Florian kannte Alexander Richter bereits seit fast 20 Jahren. Sie hatten als Jugendliche im selben Fußballverein trainiert, bis Alexander als junger Erwachsener in den damals noch recht unpopulären, neu gegründeten Rugbyverein gewechselt war. Heute trainierte er ehrenamtlich den Kemptener Rugbynachwuchs.
»Und einen Schlüssel zu dem Haus und den Geheimcode für die Alarmanlage haben nur die Wiedemanns?«
Alexander Richter setzte sich auf den zweiten, noch freien Ohrensessel und nickte.
»Das Ehepaar Wiedemann, die Haushälterin Luise Kramer und wir natürlich, Richter Security, also ich und meine vier Mitarbeiter«, zählte der Sicherheitsbeamte auf.
In diesem Moment hörten sie jemanden an der Eingangstür.
Kommissar Willig hob alarmiert den Kopf und starrte durch den Spalt in der Tür in den Flur, Richter sprang auf und lief zum Fenster, um hinauszusehen.
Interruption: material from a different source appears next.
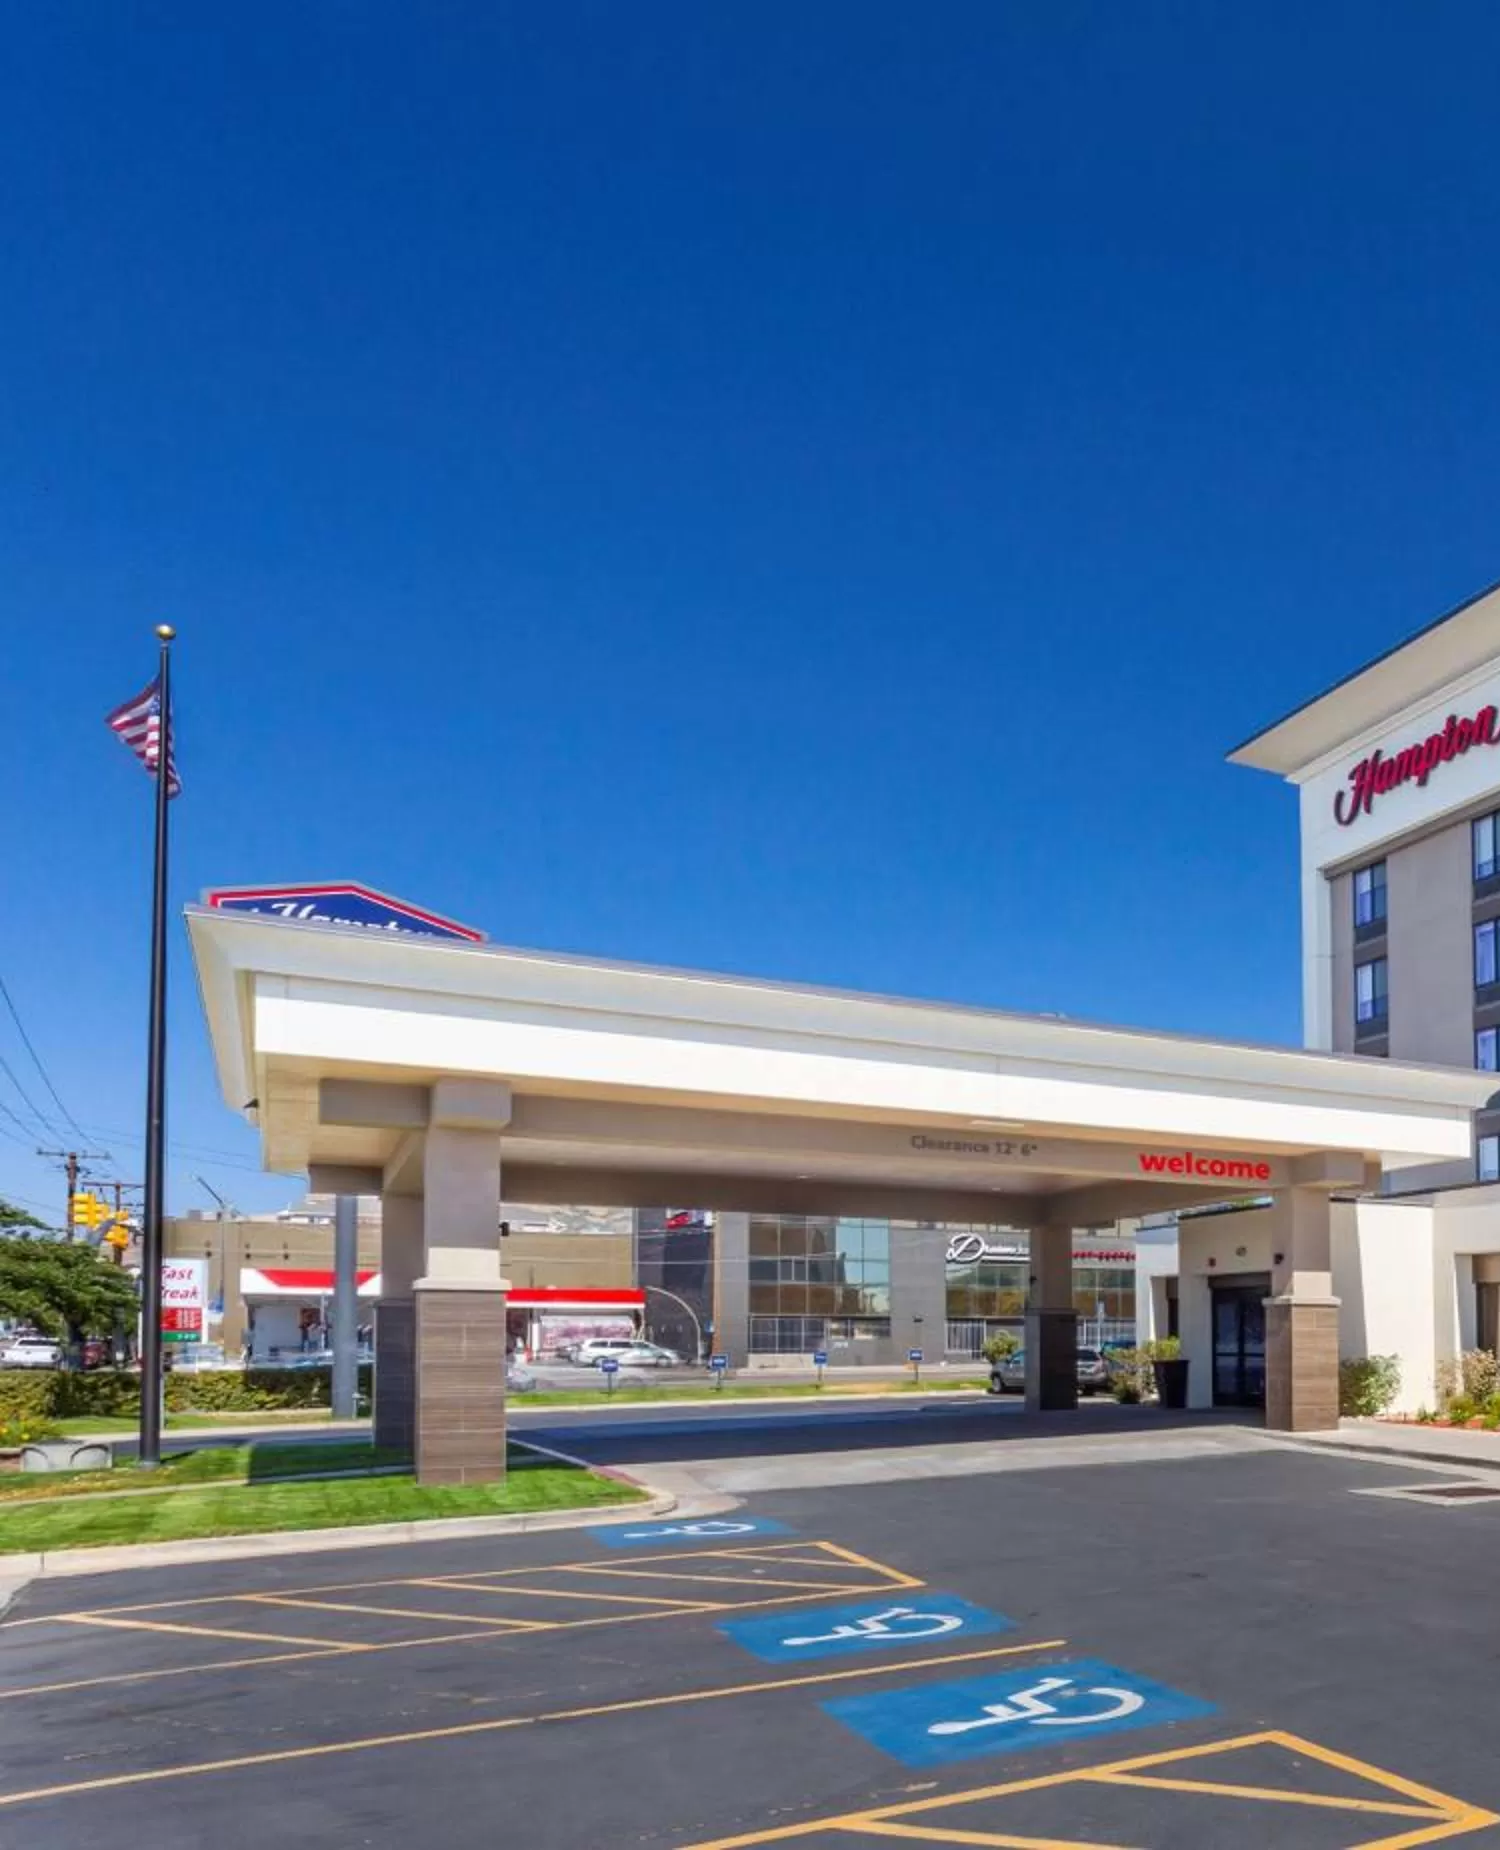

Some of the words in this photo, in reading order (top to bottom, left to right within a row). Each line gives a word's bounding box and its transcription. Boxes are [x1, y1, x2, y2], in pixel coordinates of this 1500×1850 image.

Hauptkommissar Forster erhob sich etwas langsamer, ging zur Tür, schob sie mit dem Fuß etwas weiter auf und schaute ebenfalls in den Flur.
Vor der Haustür fiel ein Schlüsselbund scheppernd auf die Granitfliesen, jemand fluchte. Sekunden später wurde die Haustür aufgeschlossen und ein Mann in einem dicken Wintermantel und mit etwas schütterem dunkelbraunem Haar stürmte in den Eingangsbereich, sah sich hektisch um und rief nach der Haushälterin. Dann drehte er sich um und gab routiniert die Tastenkombination am Display neben der Tür ein, um den ansonsten folgenden Alarm zu deaktivieren.
»Herr Dr. Wiedemann?« Florian trat aus dem Schatten der dunklen Bibliothek, gefolgt von Berthold Willig und Alexander Richter, und hielt seinen Dienstausweis in die Höhe. »Kripo Kempten, mein Name ist Hauptkommissar Forster.«
»Oh Gott«, rief der Hausherr entsetzt, schlug die Hände über dem Kopf zusammen und ging dann auf den Beamten zu. »Ist etwas mit meiner Frau? Ist Monika etwas passiert? Um Gottes Willen.«
Noch bevor Florian verneinend den Kopf schütteln konnte, sah er im Augenwinkel eine Frau die steinernen Stufen herunterkommen.
»Keine Panik, Schatz«, begrüßte Monika Wiedemann ihren Gatten. »Mir geht es sehr gut.« Dann nickte sie den drei Herren zu, die vor der massiven Eichenholztür zur Bibliothek standen und zu ihr hinaufsahen. »Guten Tag, die Herren.«
Das Bild, das diese Frau bot, erschütterte Florian so sehr, dass er sich anfangs nicht von ihrem Anblick losreißen konnte. Ihr Alter war schwer einzuschätzen. Ihre Haut war dermaßen blass und dünn, dass die Adern an Händen und Hals deutlich als dunkle Linien zu erkennen waren. Das Haar hing stumpf und wasserstoffblond an ihrem Kopf herunter und reichte bis zu ihren Schultern. Durch die helle Bluse aus edlem, zartem Stoff sah man deutlich Schulterknochen und Schlüsselbeine hervorstechen. Ihr ganzer Körper war so dünn und gebrechlich, dass Florian sich kaum vorstellen konnte, woher sie die Kraft nahm, auf eigenen Füßen zu stehen. Er bemerkte, wie auch ihr Ehemann sie entsetzt anstarrte, als sie die Treppe hinunterschwebte, lautlos und unheimlich wie ein Geist, beinahe durchsichtig.
Dr. Wiedemann lächelte jetzt und lief seiner Frau entgegen. »Dir geht es besser. Schön«, sagte er und nahm sie in seine Arme.
»Kommst du jetzt schon aus der Praxis?«, fragte sie und wirkte verwundert.